My main motivation for enrolling in the SDC program was the fact that there was nothing similar offered here in Australia. Whilst work has been taking place to develop specific service dog modules to add to the Certificate IV already offered here (which I have completed), there is not a course that is specifically about service dog training. As I was starting to take on service dog clients, I felt it was necessary for me to obtain more skills and knowledge, so I was able to offer the best service possible. The information included in this course was both comprehensive and practical, and I felt it was the best way for me to further my education.
What did you like the most about the SDC course?
My favourite part of the course was the support offered by Veronica. Whilst the course content was comprehensive and the platform was easy to access and navigate, the support I received was overwhelming. Not only during the course, but the support offered in the Facebook group for graduates continues to provide a wonderful community of like-minded trainers working in the same field. I also liked the fact that Veronica has included information for trainers living outside of America, as laws around service dogs (assistance dogs here in Australia) can differ from state to state and country to country.
What has surprised you about working with service dogs?
Whilst I felt I was aware, prior to entering this area of training, that working with people with disabilities was going to be challenging, I probably wasn’t as prepared as I thought. I had spent eight months working as a dog trainer, supporting clients for a local National Disability Insurance Scheme provider. Every person is different, but also learning to factor in the individual’s disability, whether it be physical or mental, can require a lot of thought and preparation.
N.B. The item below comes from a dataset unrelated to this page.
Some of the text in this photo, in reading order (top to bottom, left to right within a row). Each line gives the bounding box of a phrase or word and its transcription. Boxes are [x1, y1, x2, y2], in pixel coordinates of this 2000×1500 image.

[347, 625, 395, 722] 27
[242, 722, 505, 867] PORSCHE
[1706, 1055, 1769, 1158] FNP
Whilst it can present many challenges, I find it so rewarding when I can develop a training method that supports the learners’ individual needs.
What advice would you give to trainers thinking about getting involved in service dog training?
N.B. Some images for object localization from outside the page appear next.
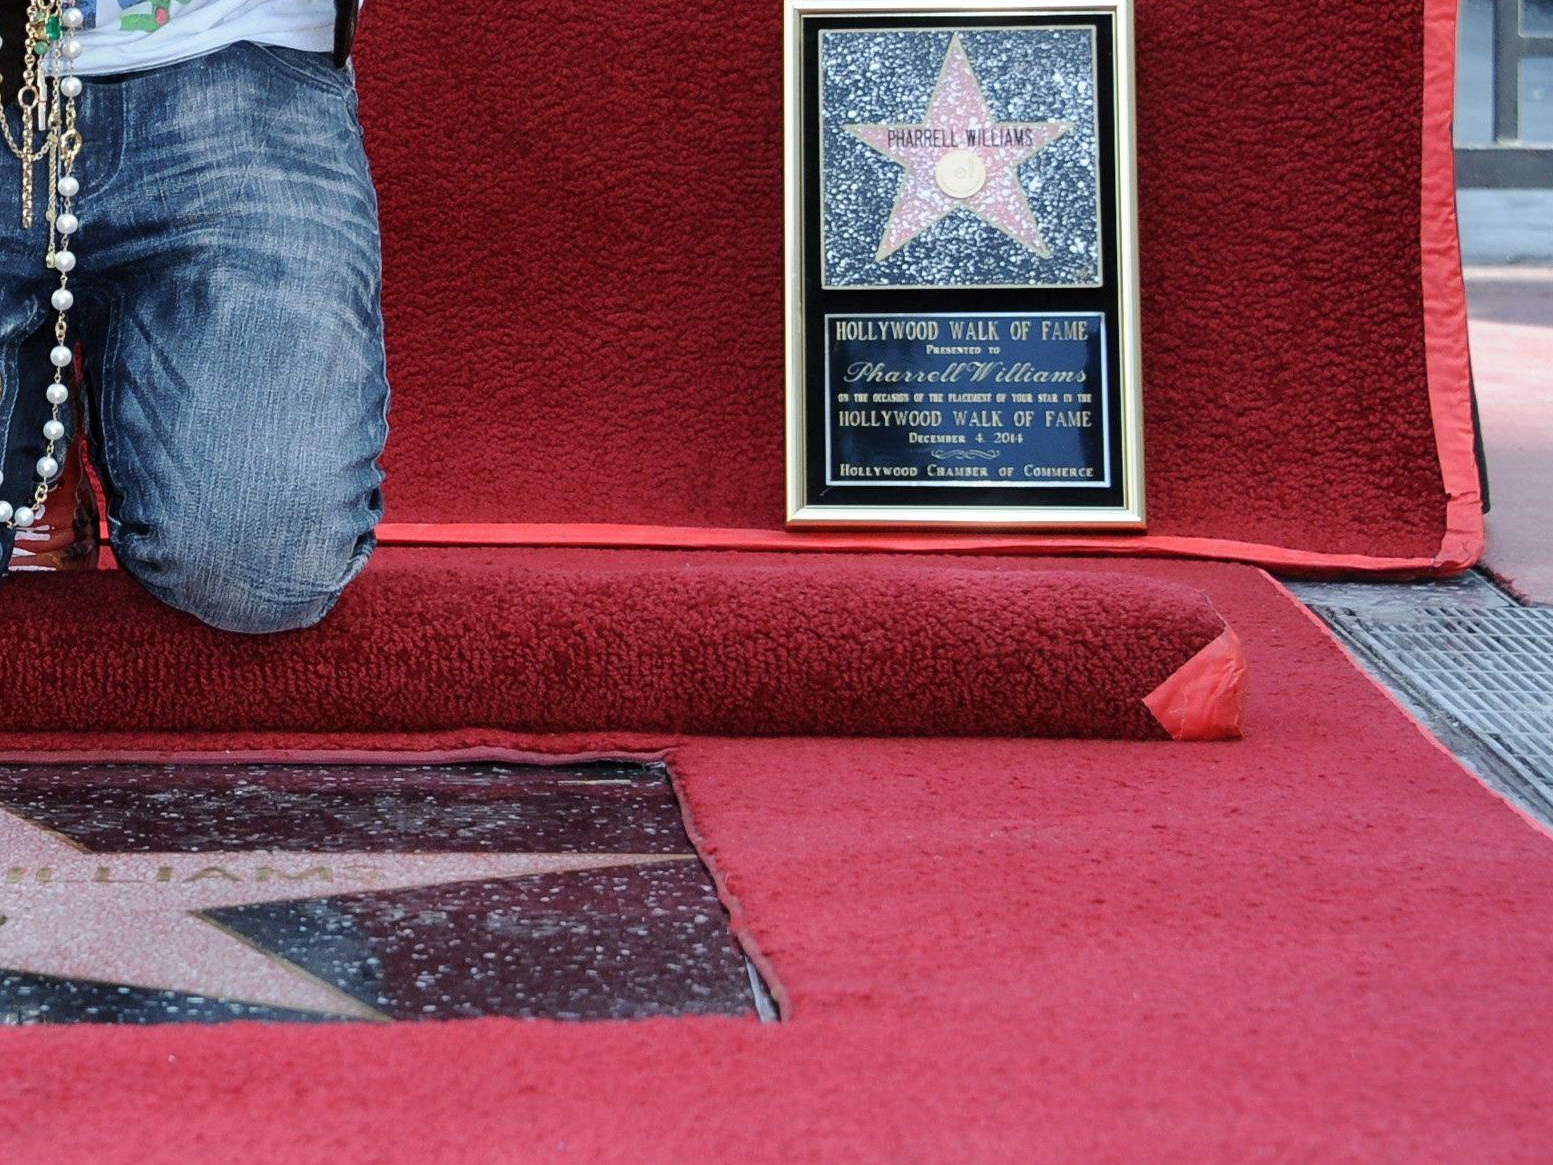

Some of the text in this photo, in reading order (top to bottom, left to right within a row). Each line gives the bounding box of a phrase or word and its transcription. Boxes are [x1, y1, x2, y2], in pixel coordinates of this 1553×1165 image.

[887, 128, 1033, 148] PHARRELL WILLIAMS
[836, 321, 1088, 341] HOLLYWOOD WALK OF FAME
[843, 361, 1087, 383] Pharrell Williams
[1037, 393, 1058, 403] STAR
[838, 410, 1092, 427] HOLLYWOOD WALK OF FAME
[993, 432, 1024, 444] 2014
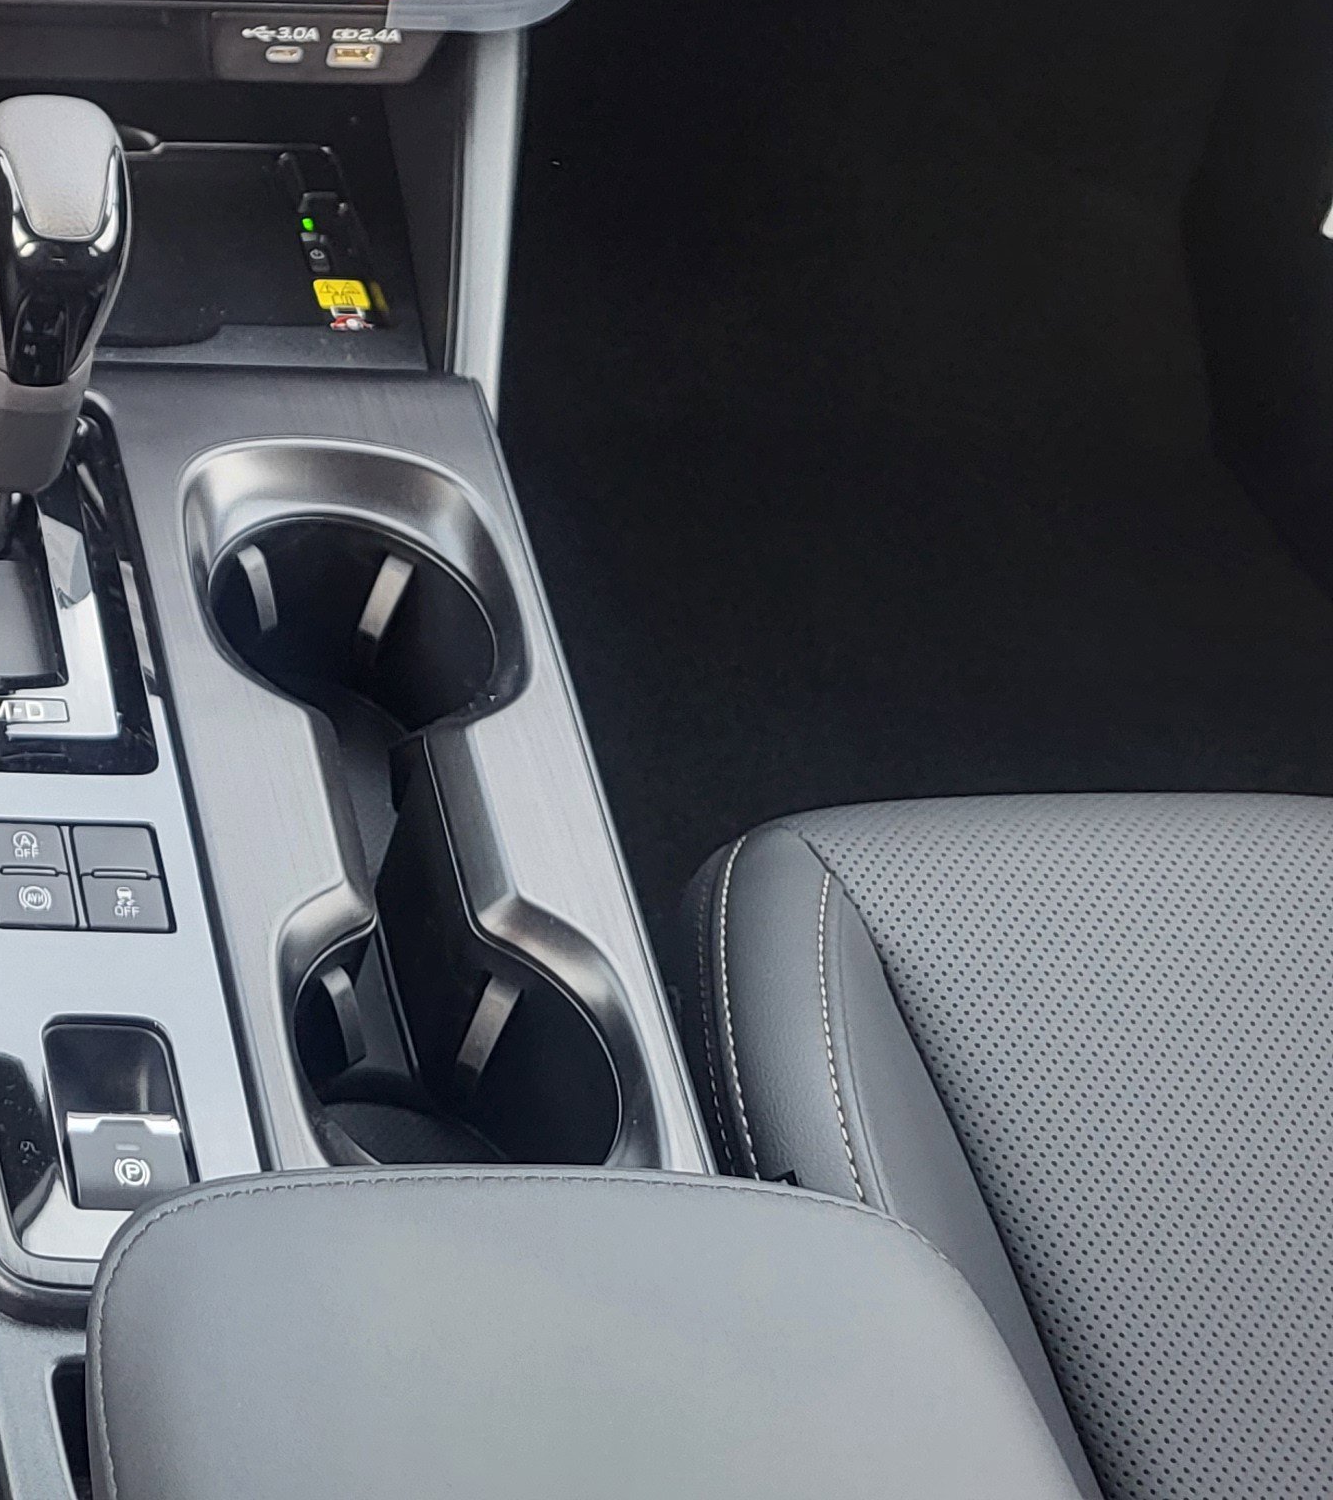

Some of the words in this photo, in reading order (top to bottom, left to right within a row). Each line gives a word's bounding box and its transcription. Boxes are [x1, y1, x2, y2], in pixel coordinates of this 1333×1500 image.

[277, 27, 320, 42] 3.0A
[358, 27, 402, 43] 2.4A
[14, 847, 39, 859] OFF
[114, 905, 140, 918] OFF
I would advise trainers looking at getting involved with service dog training to:
- Find an experienced service dog trainer who is happy to mentor you.
- Research the rights and responsibilities of service dogs in your area so you are well-versed on legislation, as clients will look to you for advice in this area. It is important that you have the correct information to offer.
- Try to gain some experience working with people with disabilities first if possible. This adds another whole new dimension to your training approach.
Is there anything else you wish to share?
Service dog training is a very complex and challenging, yet rewarding, area to work in. Knowing that you are helping people to live their best lives with their canine companions is simply wonderful. You need to be honest from the start about how the journey will look so that your clients understand that not every dog will be suitable for service dog work, even with all the training and effort put in. This can be the biggest hurdle for many teams. Be prepared to get emotionally involved. I feel it’s impossible not to when you work so closely with these teams for an extended period of time. But remember that you are not their health care professional, you are their dog training professional. Lastly, I would like to thank Veronica for her ongoing support and advice, which empowers me to move forward with my training with both confidence and pride.